Thursday, October 11, 2012

NO FEAR..yeah right!

"No one ever told me that grief felt so like fear" - C. S. Lewis

I almost don't remember that life anymore.  The one where I could run out the door at a moments notice.  The one where I could stay out till the sun came up and sleep till dusk.  The one where I had NO FEAR, because I had complete control of my life, or so I thought.

Now I look back on it and realize that I was living in a bubble.  In this bubble, old people who had lived long, fulling lives were the ones that I mourned.  Death seemed like the last stop on a very long train ride...the one that you were ready for.  God was the spiritual figure that I spoke to when I was in need of something.  Friends were people who I had fun with.  Life was simple and easy and smooth.  I lived life with NO FEAR, because I did everything right.  I went to college, went to grad school, got a job, met a great guy and was on my way to a long, happy, fulfilling, easy life where I controlled everything and felt NO FEAR.

Please don't get me wrong...my life is very fulfilling...and much happier then even I imagined.  Of course my life is very different. I fall asleep when the sun is still out, but that is the PM sun, not the AM sun.  I can't remember the last time I dropped everything and ran out the door.    My perceptive of death has changed by leaps and bounds...and I understand deep inside my heart what it really means to grieve.  God is the spiritual figure who I praise more, then I seek (but don't be mistaken, I still seek him out plenty).  Many of my dearest friends are women who I have never met, or whom share the common bond of being a heart mom.  And every day, no matter how hard I try, I carry FEAR with me.
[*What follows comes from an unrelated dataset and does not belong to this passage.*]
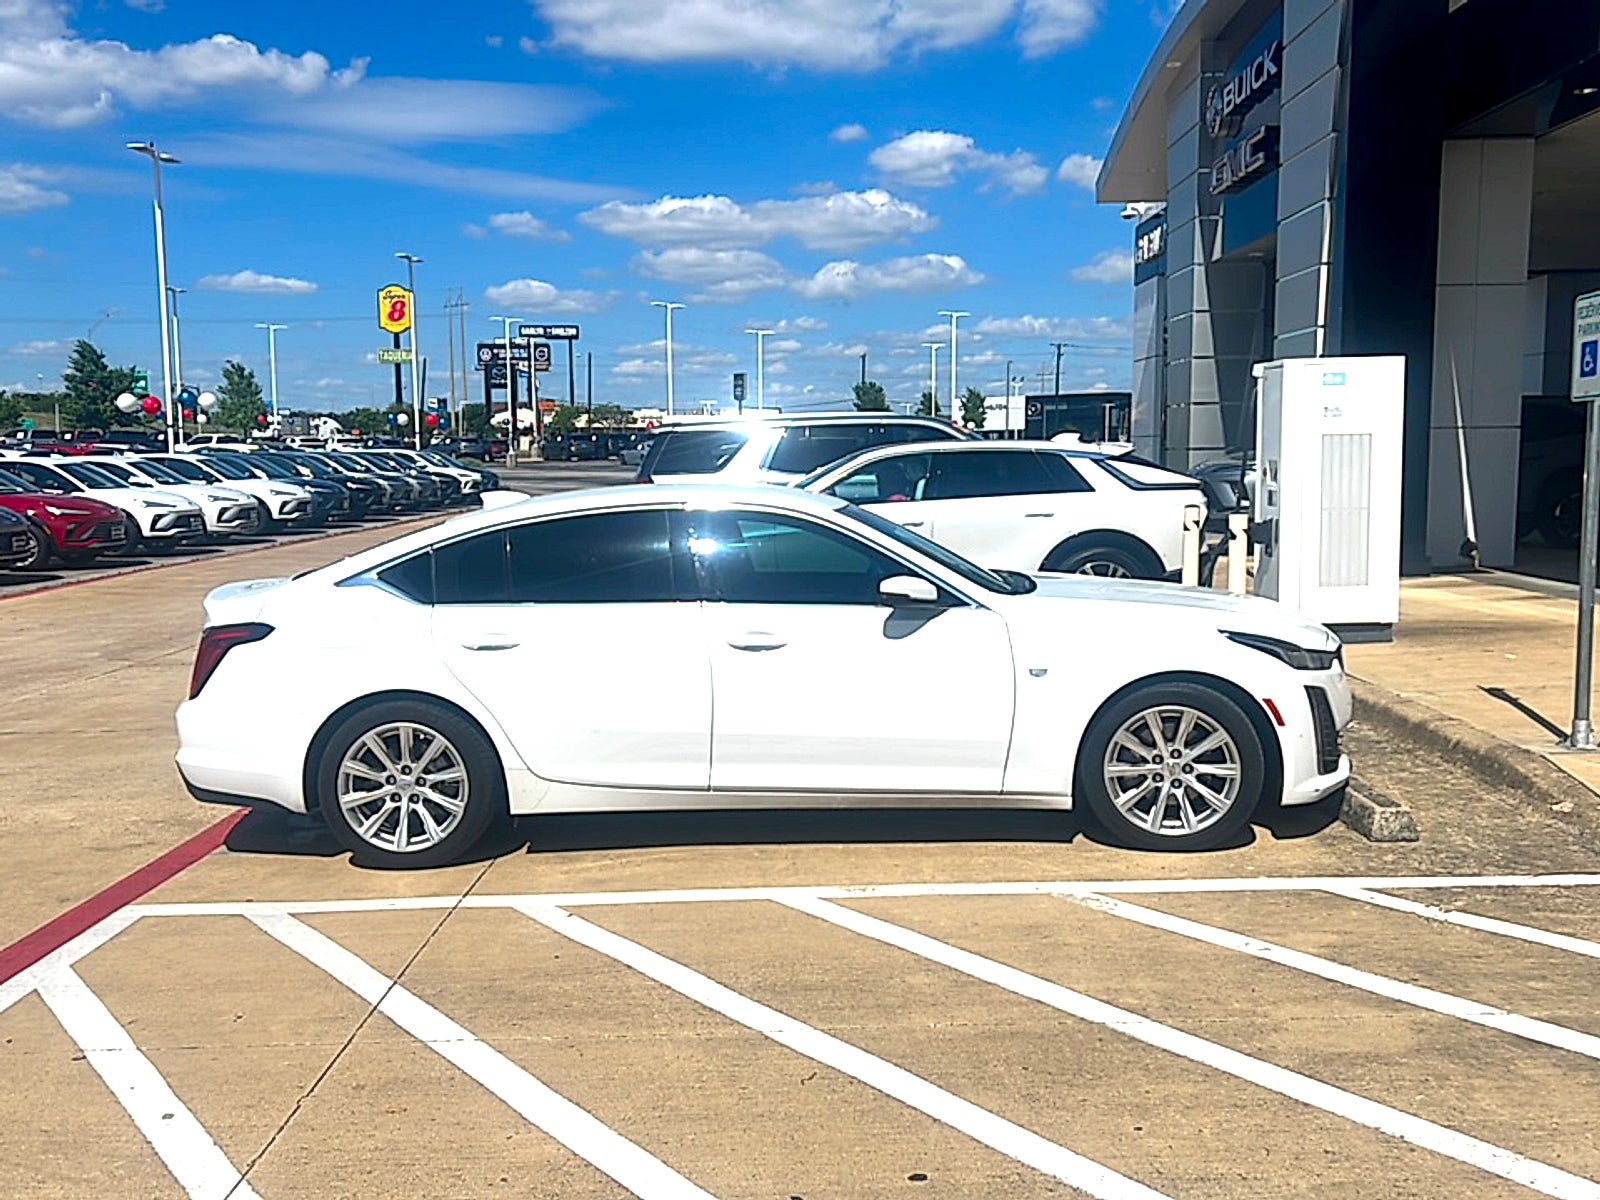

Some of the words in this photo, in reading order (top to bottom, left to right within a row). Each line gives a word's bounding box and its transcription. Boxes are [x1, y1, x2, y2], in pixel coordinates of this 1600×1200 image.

For a while now, I have been trying to get rid of that FEAR.  Telling myself I needed to enjoy every second with Xavier and not to dwell on what I can't change.  But I am a mother, a damn good one, and so I need that FEAR.  It is that FEAR that keeps me on top of HLHS.  That FEAR keeps me asking questions, reading medical journals, talking with other mom's who came before me.  The FEAR keeps me pushing for the right direction for Xavier's heart.  The FEAR keeps me motivated, pissed off just enough to stay one step ahead.  In my life I grieve almost a loss a day.  I grieve the loss of babies I never met, and the ones I held close to my heart.  I grieve with Xavier when he cries so hard because of his FEAR...fear of the blood pressure cuff, the pulse ox, the ECHO, those people who crowd around him and invade his space.  So for me and millions of mother's like me GRIEF and FEAR are interchangeable ..and even if we don't want to admit it GRIEF and FEAR live side by side with LOVE, FAITH, STRENGTH and JOY.

So do "WE" live with FEAR and GRIEF...of course we do.  We have been handed a very difficult deck of cards.  But don't be mistaken..we have learned to channel that FEAR, that GRIEF and make it work for us. Make it work for our children and our families.  I will embrace my FEAR and become a mighty warrior, just life Xavier,  because of it..not in spite of it!!!